Data coverage for each commodity and variable, expressed as a percentage of world production. Individual values are reported at the facility level (blue), calculated from data reported at the facility level (orange), or estimated based on country totals and remainders (gray). For simplicity, the term “refinery recovery rate” is used to refer to the overall recovery rate of postmineral concentrate processes (e.g., smelters and refineries). Values less than 1% are not labeled.

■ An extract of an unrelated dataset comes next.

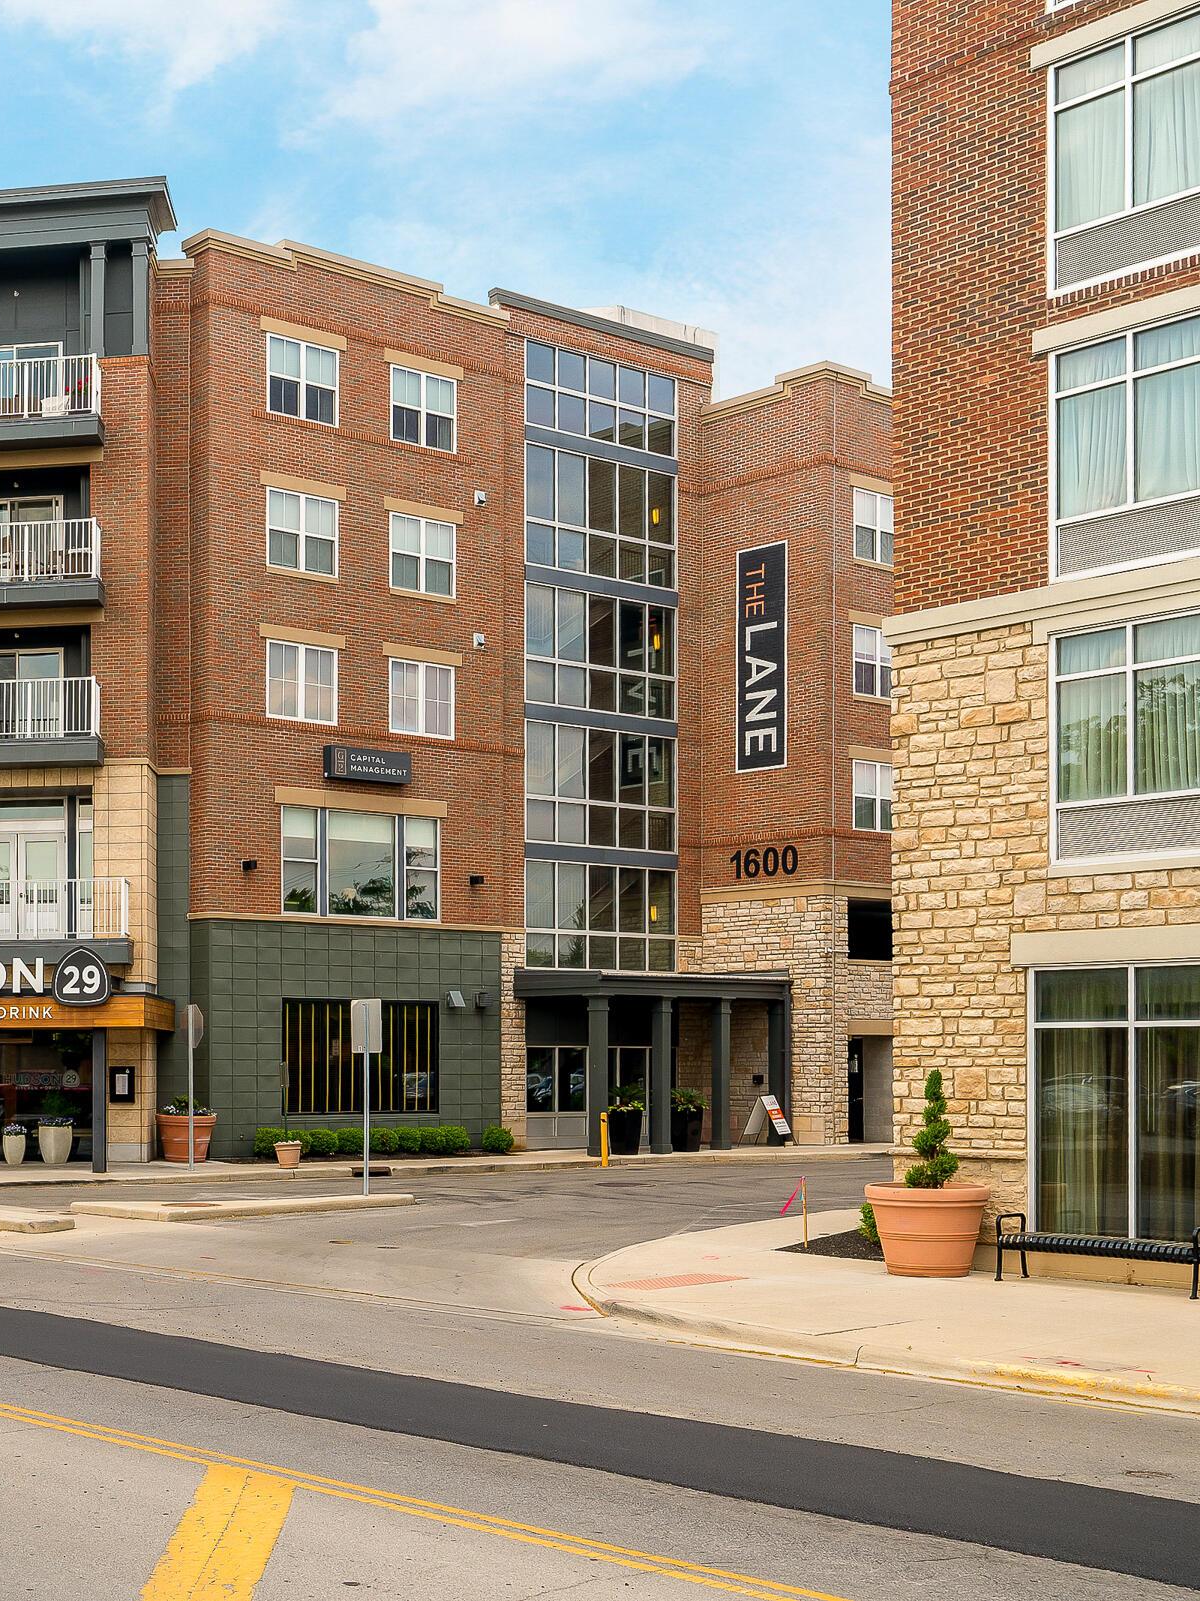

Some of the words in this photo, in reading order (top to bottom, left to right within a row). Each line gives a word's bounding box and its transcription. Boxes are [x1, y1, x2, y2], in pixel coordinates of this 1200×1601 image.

Data coverage for each commodity and variable, expressed as a percentage of world production. Individual values are reported at the facility level (blue), calculated from data reported at the facility level (orange), or estimated based on country totals and remainders (gray). For simplicity, the term “refinery recovery rate” is used to refer to the overall recovery rate of postmineral concentrate processes (e.g., smelters and refineries). Values less than 1% are not labeled. As illustrated in Figure , the quantity of ore mined, the ore grade, and the concentrator recovery rates were mostly reported or calculated based on reported data for major base and precious metals, but predominately estimated for the other commodities. This was especially the case for commodities with a small number of active operations such as gallium, tantalum, and vanadium. In such instances, we utilized production and related data from other publications, including various company reports and statements, Roskill commodity reports,[14−19] industry reports, and geologic publications. Additional details regarding these special cases are provided in the following section. The overall coverage should be interpreted as the global representativeness of the resultant RMR for that commodity, which is no less than 78% for any of the commodities analyzed. Importantly, this coverage refers only to the scope described in the section on System Boundaries and the Special Case Methods below. Moreover, it is specific to the end products noted for each mineral commodity in Table S1. For example, the RMR for magnesium includes only hard rock sources and thus excludes magnesium from brines. It is also specific to magnesium metal and excludes magnesium compounds. RMRs should thus only be interpreted as representative for the system boundaries and end products that are covered in the analysis.

Special Case Methods

A small number of commodities required broader assumptions and (or) adjustments in our methodology in order to calculate a representative RMR due to either lack of granular data (e.g., artisanal operations for tantalum, tin, and tungsten), unconventional mining or processing methods (e.g., vanadium), extraction methods for which RMR is not applicable (e.g., lithium and magnesium metal from brines or vanadium from petroleum refining waste), and (or) decoupled mining and processing operations (e.g., silicon and gallium). Our methodology was adjusted as follows.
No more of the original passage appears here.